THE INPUT section start
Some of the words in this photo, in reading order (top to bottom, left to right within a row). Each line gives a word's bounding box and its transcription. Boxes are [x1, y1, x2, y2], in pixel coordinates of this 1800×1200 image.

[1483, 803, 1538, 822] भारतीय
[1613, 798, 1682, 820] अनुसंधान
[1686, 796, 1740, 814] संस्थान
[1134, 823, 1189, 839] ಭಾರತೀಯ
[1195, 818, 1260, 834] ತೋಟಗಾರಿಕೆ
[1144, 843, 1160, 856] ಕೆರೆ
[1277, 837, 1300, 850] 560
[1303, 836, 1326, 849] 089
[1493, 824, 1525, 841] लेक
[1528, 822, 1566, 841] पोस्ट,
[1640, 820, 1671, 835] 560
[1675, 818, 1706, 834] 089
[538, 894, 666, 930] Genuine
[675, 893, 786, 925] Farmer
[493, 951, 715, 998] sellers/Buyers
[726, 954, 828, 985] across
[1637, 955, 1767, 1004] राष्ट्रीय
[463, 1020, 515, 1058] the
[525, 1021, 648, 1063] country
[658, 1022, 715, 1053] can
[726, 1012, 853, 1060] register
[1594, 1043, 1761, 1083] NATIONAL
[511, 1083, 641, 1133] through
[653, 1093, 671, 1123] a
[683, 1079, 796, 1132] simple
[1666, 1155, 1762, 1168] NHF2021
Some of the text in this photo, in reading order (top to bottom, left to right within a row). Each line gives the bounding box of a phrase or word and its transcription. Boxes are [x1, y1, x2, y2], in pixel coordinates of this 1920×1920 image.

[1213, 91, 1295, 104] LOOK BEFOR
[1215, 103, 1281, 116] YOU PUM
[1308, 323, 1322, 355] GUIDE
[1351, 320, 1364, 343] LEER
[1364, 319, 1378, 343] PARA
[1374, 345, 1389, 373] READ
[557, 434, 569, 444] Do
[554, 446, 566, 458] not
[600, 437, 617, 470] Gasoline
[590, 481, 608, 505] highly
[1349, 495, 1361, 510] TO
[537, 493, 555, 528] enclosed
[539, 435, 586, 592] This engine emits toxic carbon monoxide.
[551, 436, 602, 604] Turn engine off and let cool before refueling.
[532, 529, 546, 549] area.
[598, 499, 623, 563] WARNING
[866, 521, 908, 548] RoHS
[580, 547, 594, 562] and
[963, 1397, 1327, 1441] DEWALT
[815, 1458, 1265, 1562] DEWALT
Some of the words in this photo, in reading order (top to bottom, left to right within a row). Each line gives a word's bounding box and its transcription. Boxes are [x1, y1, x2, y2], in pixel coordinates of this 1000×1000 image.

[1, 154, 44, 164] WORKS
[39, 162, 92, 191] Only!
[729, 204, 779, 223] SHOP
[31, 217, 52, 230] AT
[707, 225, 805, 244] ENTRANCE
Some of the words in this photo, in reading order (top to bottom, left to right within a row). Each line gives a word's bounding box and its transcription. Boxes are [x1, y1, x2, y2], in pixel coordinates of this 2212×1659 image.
THE INPUT section end
Please write out the data again exactly as it stands.

--- EXERCISE RESPONSE ---
Some of the words in this photo, in reading order (top to bottom, left to right within a row). Each line gives a word's bounding box and its transcription. Boxes are [x1, y1, x2, y2], in pixel coordinates of this 1800×1200 image.

[1483, 803, 1538, 822] भारतीय
[1613, 798, 1682, 820] अनुसंधान
[1686, 796, 1740, 814] संस्थान
[1134, 823, 1189, 839] ಭಾರತೀಯ
[1195, 818, 1260, 834] ತೋಟಗಾರಿಕೆ
[1144, 843, 1160, 856] ಕೆರೆ
[1277, 837, 1300, 850] 560
[1303, 836, 1326, 849] 089
[1493, 824, 1525, 841] लेक
[1528, 822, 1566, 841] पोस्ट,
[1640, 820, 1671, 835] 560
[1675, 818, 1706, 834] 089
[538, 894, 666, 930] Genuine
[675, 893, 786, 925] Farmer
[493, 951, 715, 998] sellers/Buyers
[726, 954, 828, 985] across
[1637, 955, 1767, 1004] राष्ट्रीय
[463, 1020, 515, 1058] the
[525, 1021, 648, 1063] country
[658, 1022, 715, 1053] can
[726, 1012, 853, 1060] register
[1594, 1043, 1761, 1083] NATIONAL
[511, 1083, 641, 1133] through
[653, 1093, 671, 1123] a
[683, 1079, 796, 1132] simple
[1666, 1155, 1762, 1168] NHF2021
Some of the text in this photo, in reading order (top to bottom, left to right within a row). Each line gives the bounding box of a phrase or word and its transcription. Boxes are [x1, y1, x2, y2], in pixel coordinates of this 1920×1920 image.

[1213, 91, 1295, 104] LOOK BEFOR
[1215, 103, 1281, 116] YOU PUM
[1308, 323, 1322, 355] GUIDE
[1351, 320, 1364, 343] LEER
[1364, 319, 1378, 343] PARA
[1374, 345, 1389, 373] READ
[557, 434, 569, 444] Do
[554, 446, 566, 458] not
[600, 437, 617, 470] Gasoline
[590, 481, 608, 505] highly
[1349, 495, 1361, 510] TO
[537, 493, 555, 528] enclosed
[539, 435, 586, 592] This engine emits toxic carbon monoxide.
[551, 436, 602, 604] Turn engine off and let cool before refueling.
[532, 529, 546, 549] area.
[598, 499, 623, 563] WARNING
[866, 521, 908, 548] RoHS
[580, 547, 594, 562] and
[963, 1397, 1327, 1441] DEWALT
[815, 1458, 1265, 1562] DEWALT
Some of the words in this photo, in reading order (top to bottom, left to right within a row). Each line gives a word's bounding box and its transcription. Boxes are [x1, y1, x2, y2], in pixel coordinates of this 1000×1000 image.

[1, 154, 44, 164] WORKS
[39, 162, 92, 191] Only!
[729, 204, 779, 223] SHOP
[31, 217, 52, 230] AT
[707, 225, 805, 244] ENTRANCE
Some of the words in this photo, in reading order (top to bottom, left to right within a row). Each line gives a word's bounding box and its transcription. Boxes are [x1, y1, x2, y2], in pixel coordinates of this 2212×1659 image.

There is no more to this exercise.